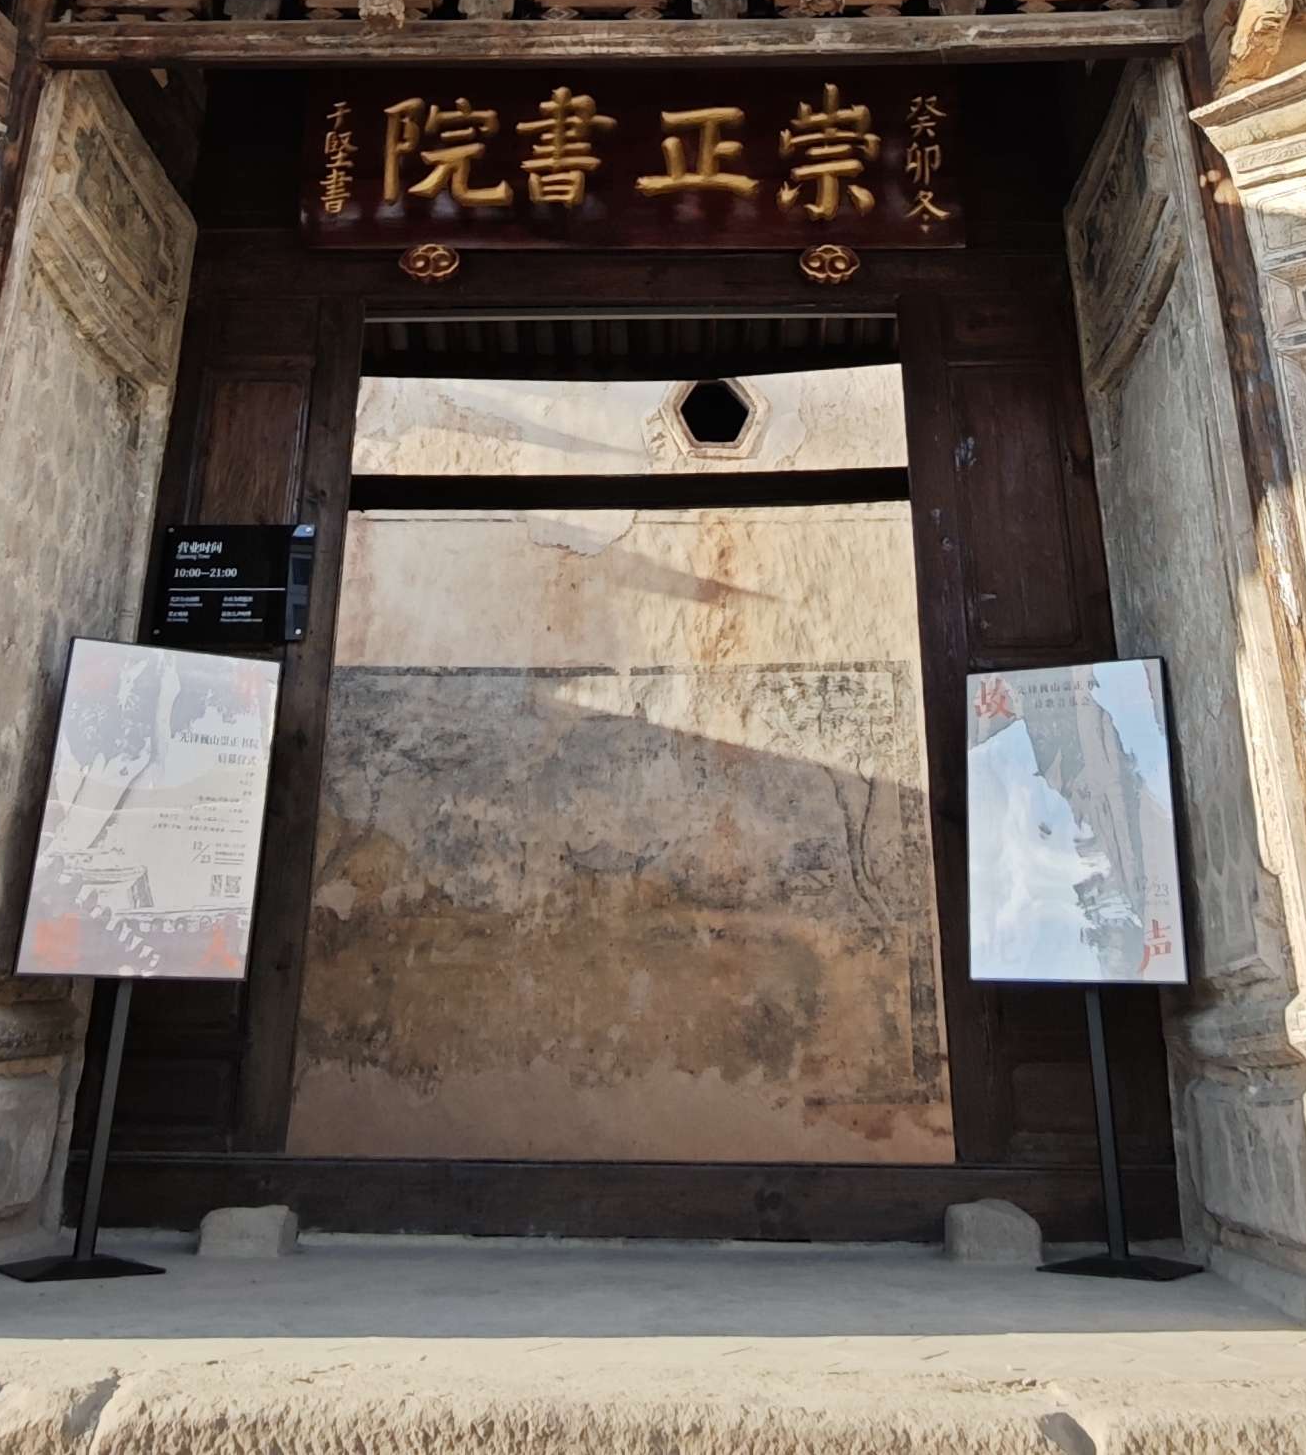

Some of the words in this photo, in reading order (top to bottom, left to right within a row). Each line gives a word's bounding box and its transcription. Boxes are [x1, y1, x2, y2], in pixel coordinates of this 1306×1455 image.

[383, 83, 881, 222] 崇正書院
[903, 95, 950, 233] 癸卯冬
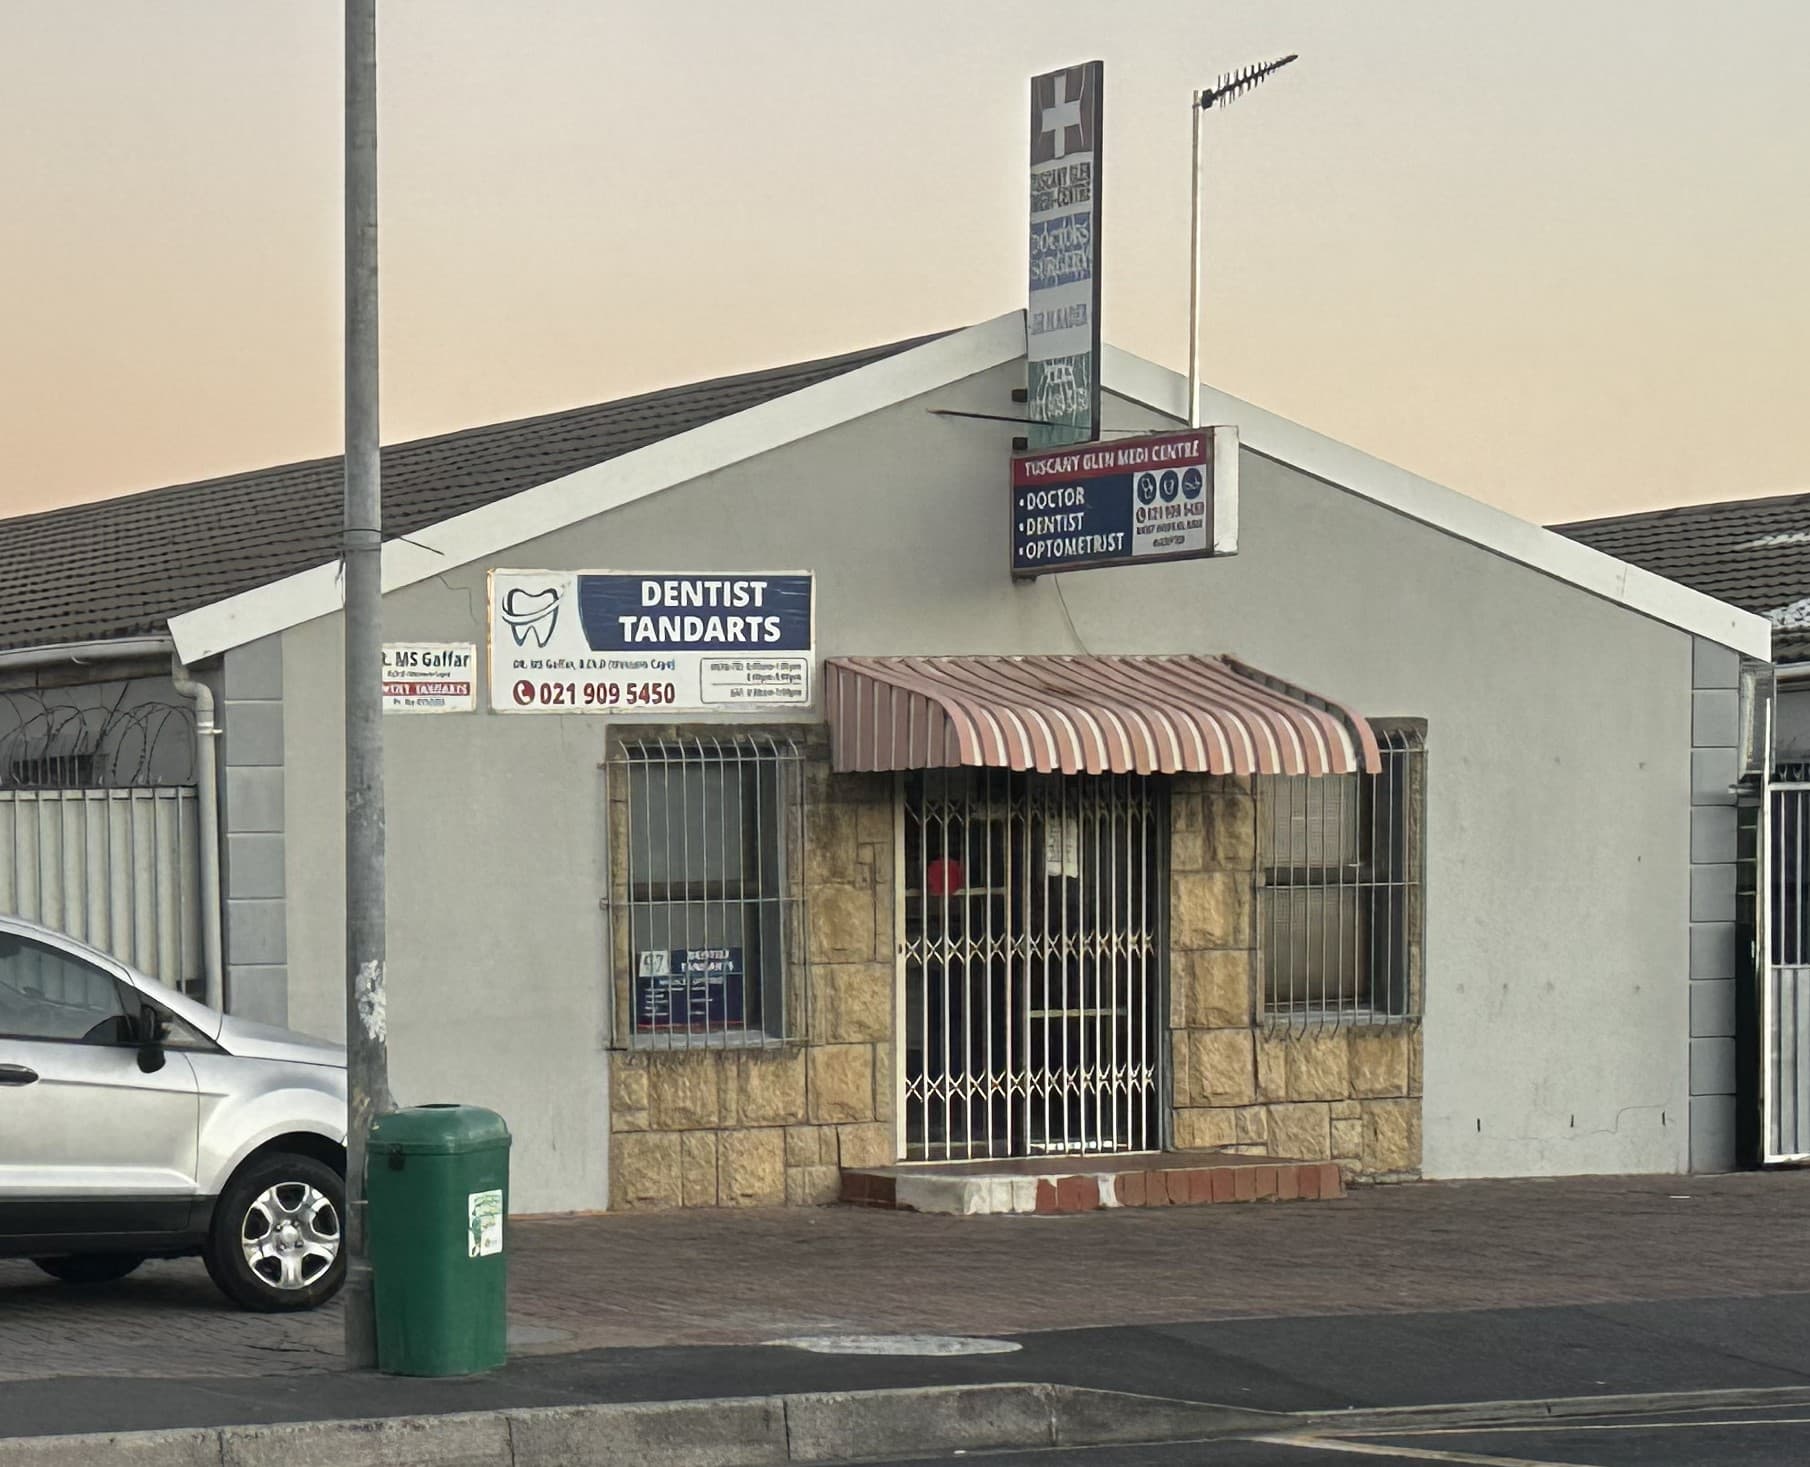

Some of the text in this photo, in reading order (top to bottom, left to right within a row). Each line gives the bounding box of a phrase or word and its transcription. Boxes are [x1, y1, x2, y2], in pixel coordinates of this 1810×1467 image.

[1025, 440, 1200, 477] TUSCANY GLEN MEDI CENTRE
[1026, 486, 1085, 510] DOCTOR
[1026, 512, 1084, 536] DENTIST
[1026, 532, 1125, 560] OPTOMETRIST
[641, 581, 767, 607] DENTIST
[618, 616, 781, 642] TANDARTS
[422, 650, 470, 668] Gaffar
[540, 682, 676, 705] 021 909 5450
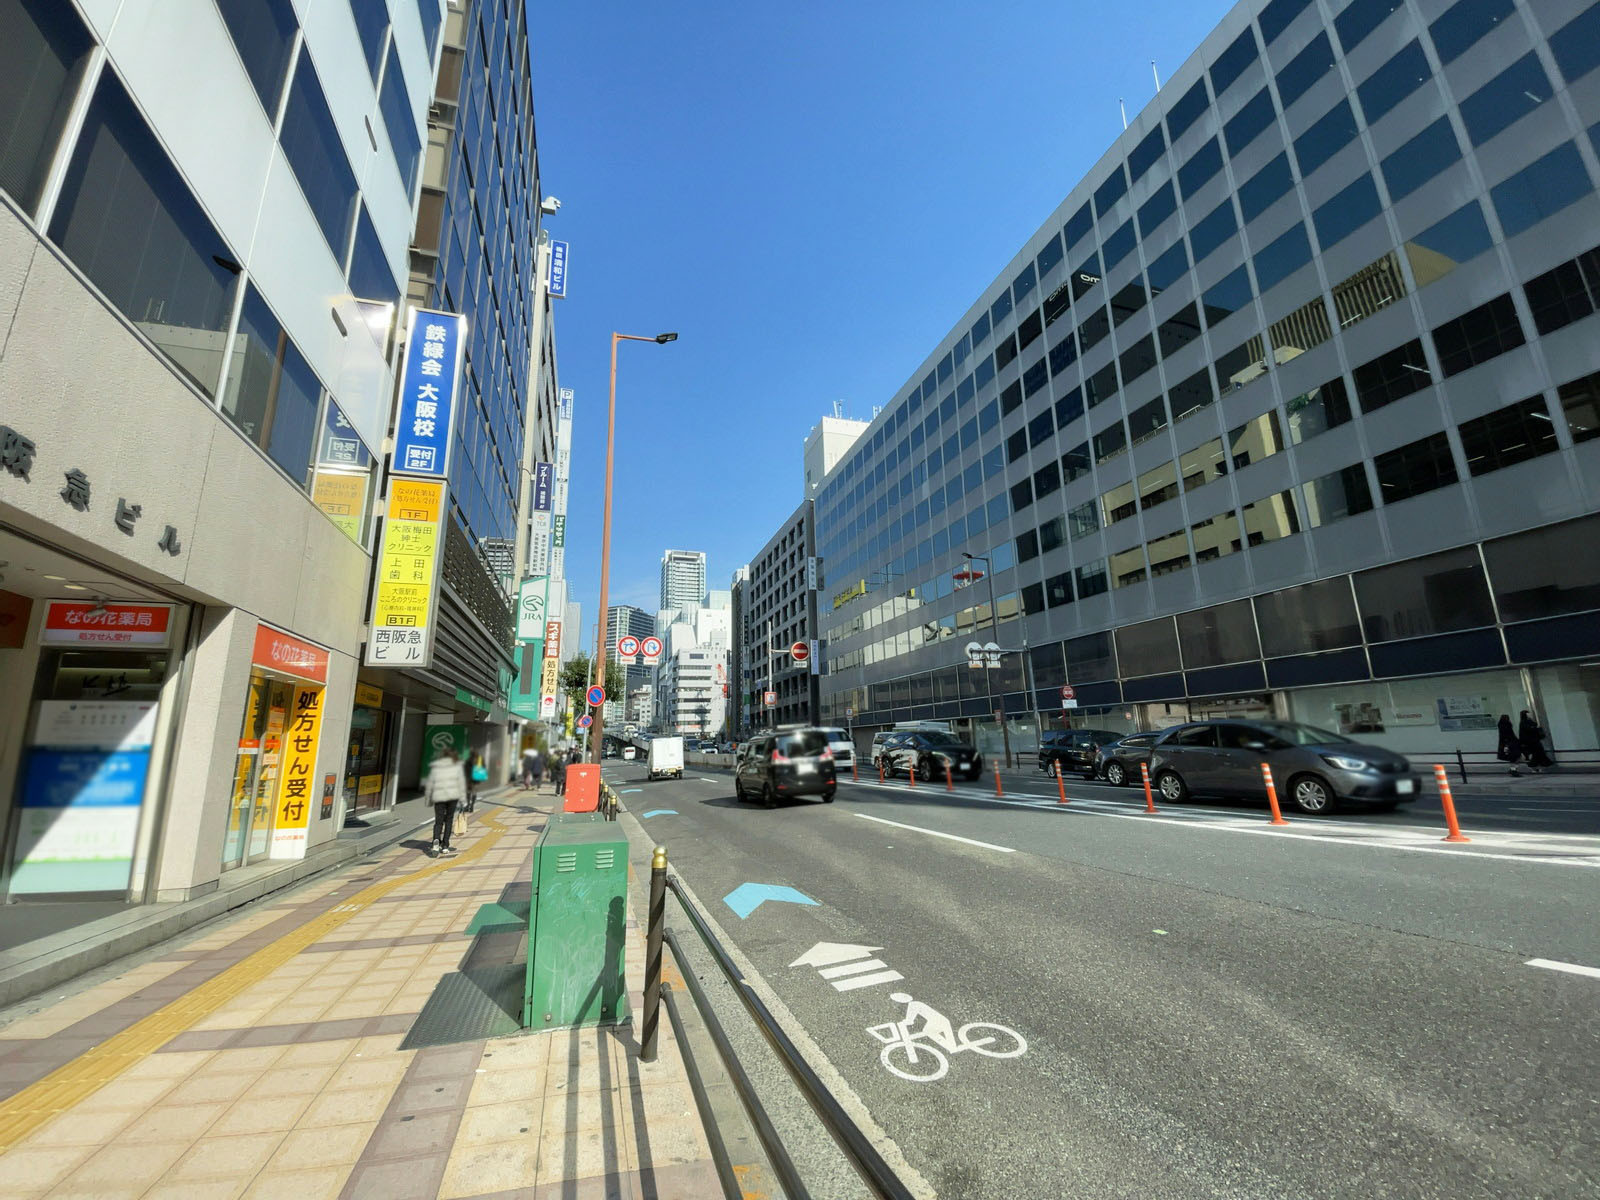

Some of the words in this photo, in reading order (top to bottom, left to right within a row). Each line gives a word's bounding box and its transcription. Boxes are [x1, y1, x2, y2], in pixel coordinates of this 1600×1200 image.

*****

## What the task asks:
Return a verbatim transcription of the data, omitting all images.

## Task output:
Some of the words in this photo, in reading order (top to bottom, left to right within a row). Each line gives a word's bounding box and its transcription. Boxes are [x1, y1, x2, y2], in pixel coordinates of this 1306×1455 image.

[383, 83, 881, 222] 崇正書院
[903, 95, 950, 233] 癸卯冬

Some of the text in this photo, in reading order (top to bottom, left to right within a row). Each line gives the bounding box of a phrase or word and its transcription. Boxes are [x1, y1, x2, y2], in pixel coordinates of this 1810×1467 image.

[1025, 440, 1200, 477] TUSCANY GLEN MEDI CENTRE
[1026, 486, 1085, 510] DOCTOR
[1026, 512, 1084, 536] DENTIST
[1026, 532, 1125, 560] OPTOMETRIST
[641, 581, 767, 607] DENTIST
[618, 616, 781, 642] TANDARTS
[422, 650, 470, 668] Gaffar
[540, 682, 676, 705] 021 909 5450

Some of the words in this photo, in reading order (top to bottom, left to right within a row). Each line gives a word's bounding box and its transcription. Boxes are [x1, y1, x2, y2], in pixel coordinates of this 1600×1200 image.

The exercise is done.